■ **About this task**
An exact copy of the lines from the one containing "this 1600×1067 image." through the last line below is required; include both of those lines and no others.

■ **Text-to-region grounding data**

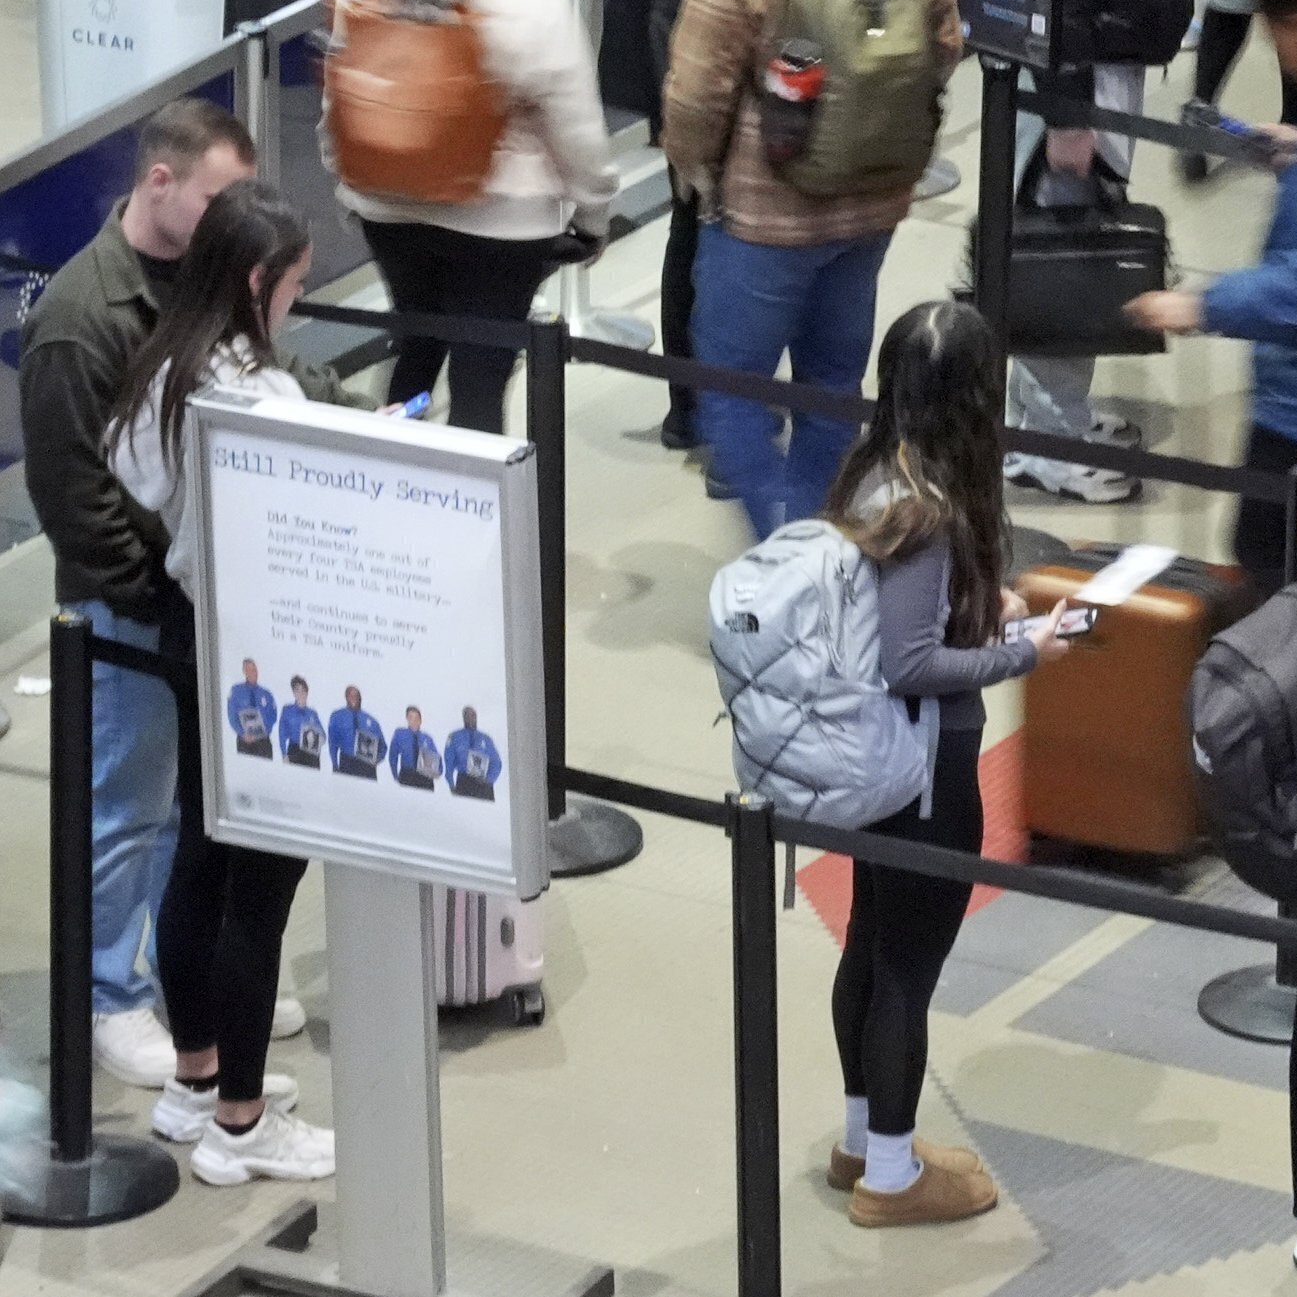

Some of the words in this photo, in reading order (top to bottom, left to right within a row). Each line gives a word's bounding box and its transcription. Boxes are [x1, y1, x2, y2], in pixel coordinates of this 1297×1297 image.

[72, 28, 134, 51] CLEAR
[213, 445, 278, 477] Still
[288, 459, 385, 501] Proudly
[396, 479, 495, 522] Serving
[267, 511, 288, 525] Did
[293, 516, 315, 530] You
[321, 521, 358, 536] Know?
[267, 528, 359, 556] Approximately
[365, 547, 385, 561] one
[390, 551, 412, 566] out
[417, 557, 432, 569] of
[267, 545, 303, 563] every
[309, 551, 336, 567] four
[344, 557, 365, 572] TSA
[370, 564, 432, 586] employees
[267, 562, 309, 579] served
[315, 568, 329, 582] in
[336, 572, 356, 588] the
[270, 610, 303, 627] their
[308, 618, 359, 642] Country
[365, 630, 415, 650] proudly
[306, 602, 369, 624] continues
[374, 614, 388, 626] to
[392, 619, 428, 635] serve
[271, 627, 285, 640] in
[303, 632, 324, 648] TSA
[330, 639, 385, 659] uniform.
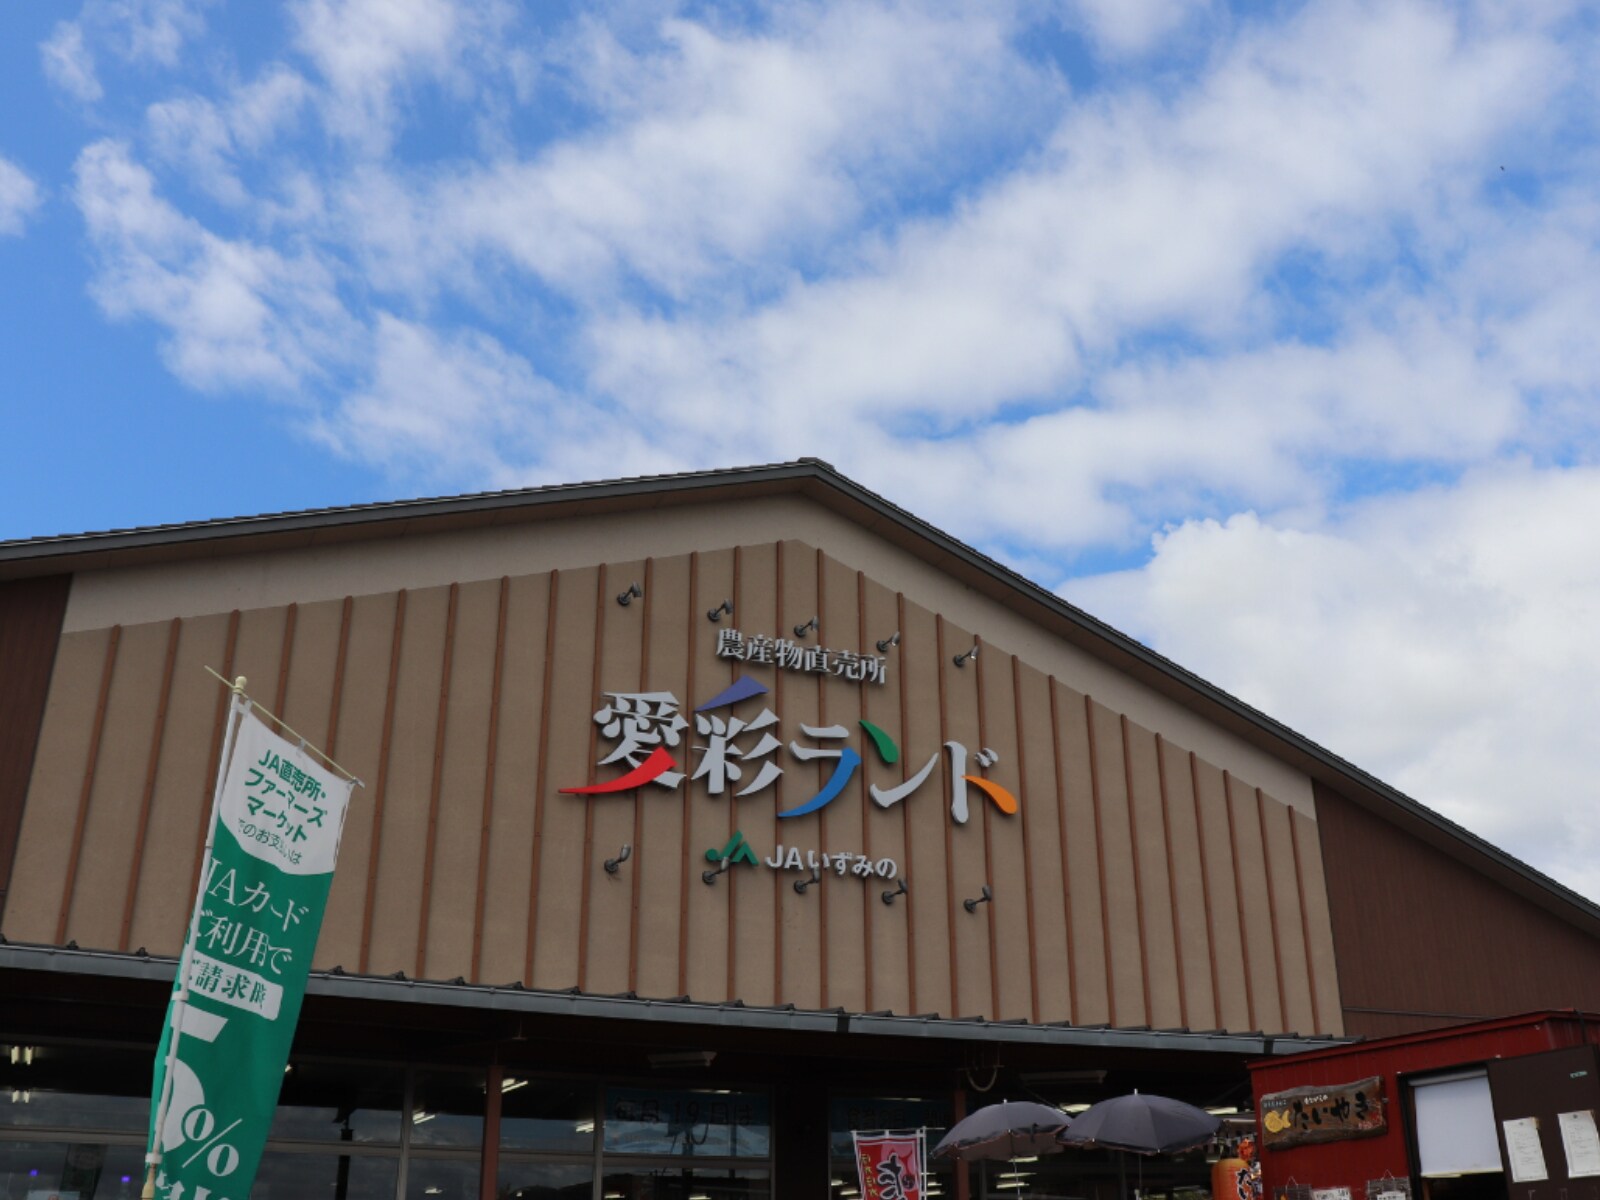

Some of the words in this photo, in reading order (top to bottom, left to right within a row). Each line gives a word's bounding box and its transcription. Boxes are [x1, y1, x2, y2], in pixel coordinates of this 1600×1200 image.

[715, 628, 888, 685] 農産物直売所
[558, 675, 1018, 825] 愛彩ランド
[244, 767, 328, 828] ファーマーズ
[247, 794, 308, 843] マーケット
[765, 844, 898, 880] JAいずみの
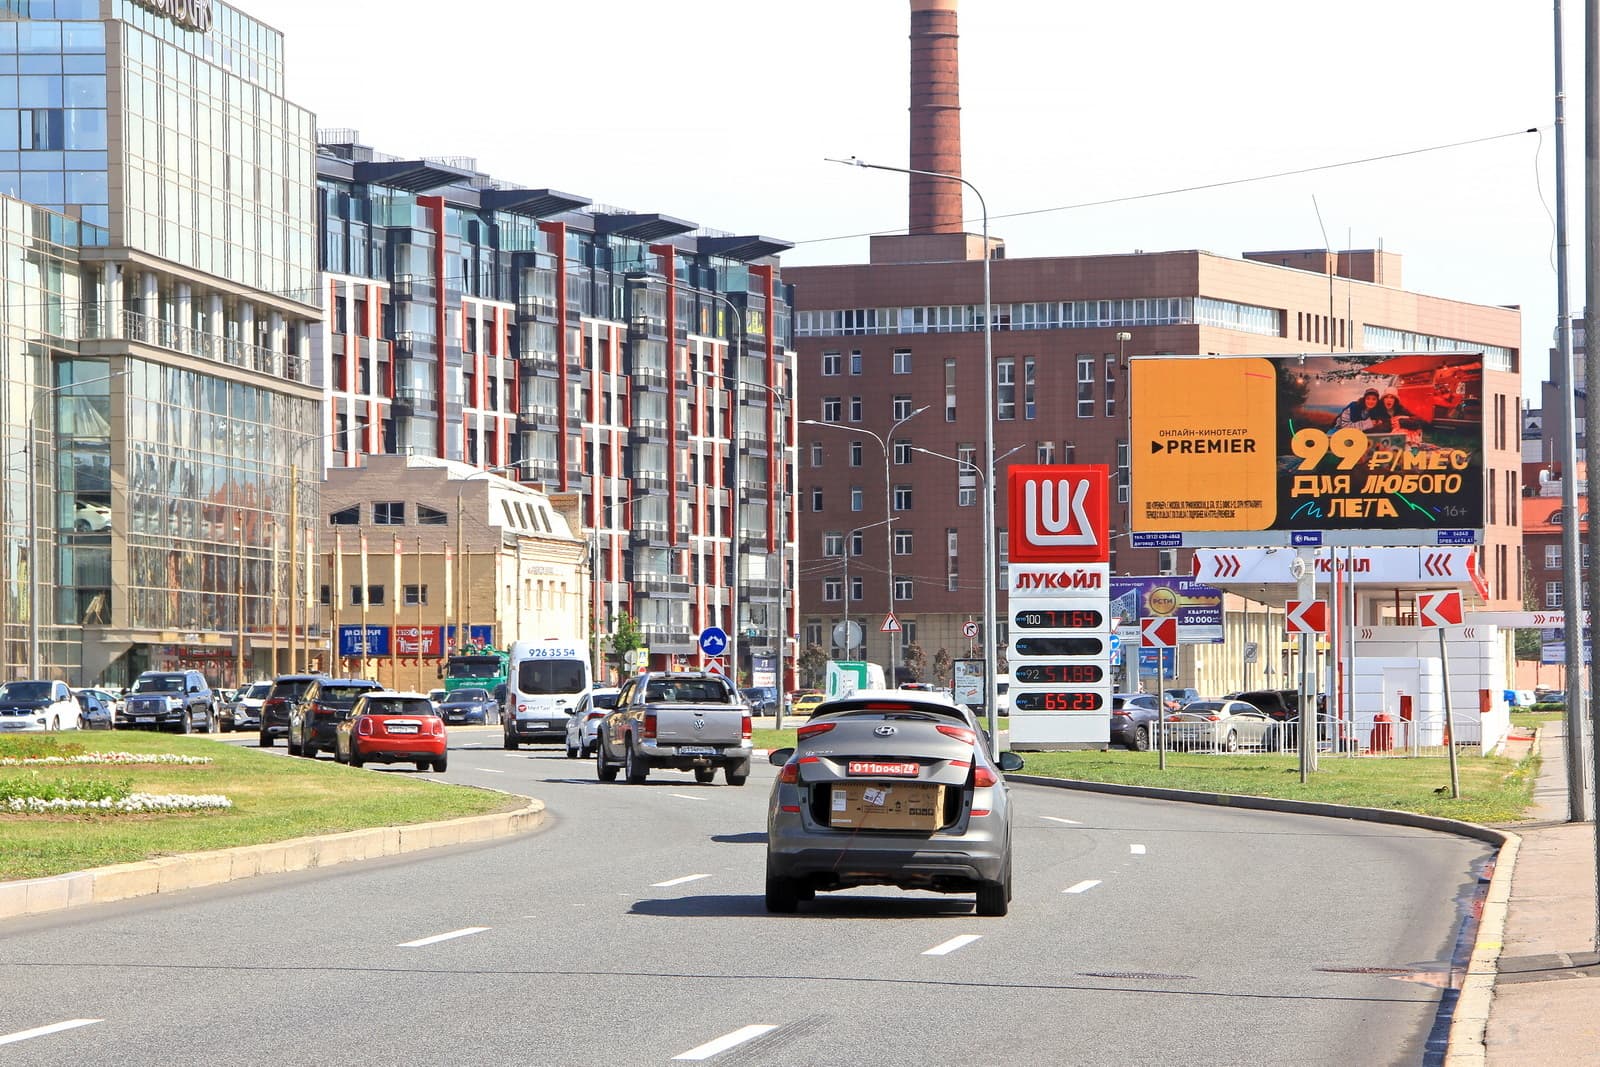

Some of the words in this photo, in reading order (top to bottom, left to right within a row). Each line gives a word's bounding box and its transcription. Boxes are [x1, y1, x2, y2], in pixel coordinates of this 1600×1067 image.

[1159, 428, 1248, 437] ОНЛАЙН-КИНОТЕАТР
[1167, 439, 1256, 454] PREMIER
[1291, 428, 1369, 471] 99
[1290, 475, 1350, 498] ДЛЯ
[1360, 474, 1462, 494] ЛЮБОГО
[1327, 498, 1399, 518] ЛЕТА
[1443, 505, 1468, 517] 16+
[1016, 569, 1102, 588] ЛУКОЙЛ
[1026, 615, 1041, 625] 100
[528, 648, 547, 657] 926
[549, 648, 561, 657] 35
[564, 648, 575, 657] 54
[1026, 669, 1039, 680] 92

■ **Task response**
Some of the words in this photo, in reading order (top to bottom, left to right within a row). Each line gives a word's bounding box and its transcription. Boxes are [x1, y1, x2, y2], in pixel coordinates of this 1600×1067 image.

[1159, 428, 1248, 437] ОНЛАЙН-КИНОТЕАТР
[1167, 439, 1256, 454] PREMIER
[1291, 428, 1369, 471] 99
[1290, 475, 1350, 498] ДЛЯ
[1360, 474, 1462, 494] ЛЮБОГО
[1327, 498, 1399, 518] ЛЕТА
[1443, 505, 1468, 517] 16+
[1016, 569, 1102, 588] ЛУКОЙЛ
[1026, 615, 1041, 625] 100
[528, 648, 547, 657] 926
[549, 648, 561, 657] 35
[564, 648, 575, 657] 54
[1026, 669, 1039, 680] 92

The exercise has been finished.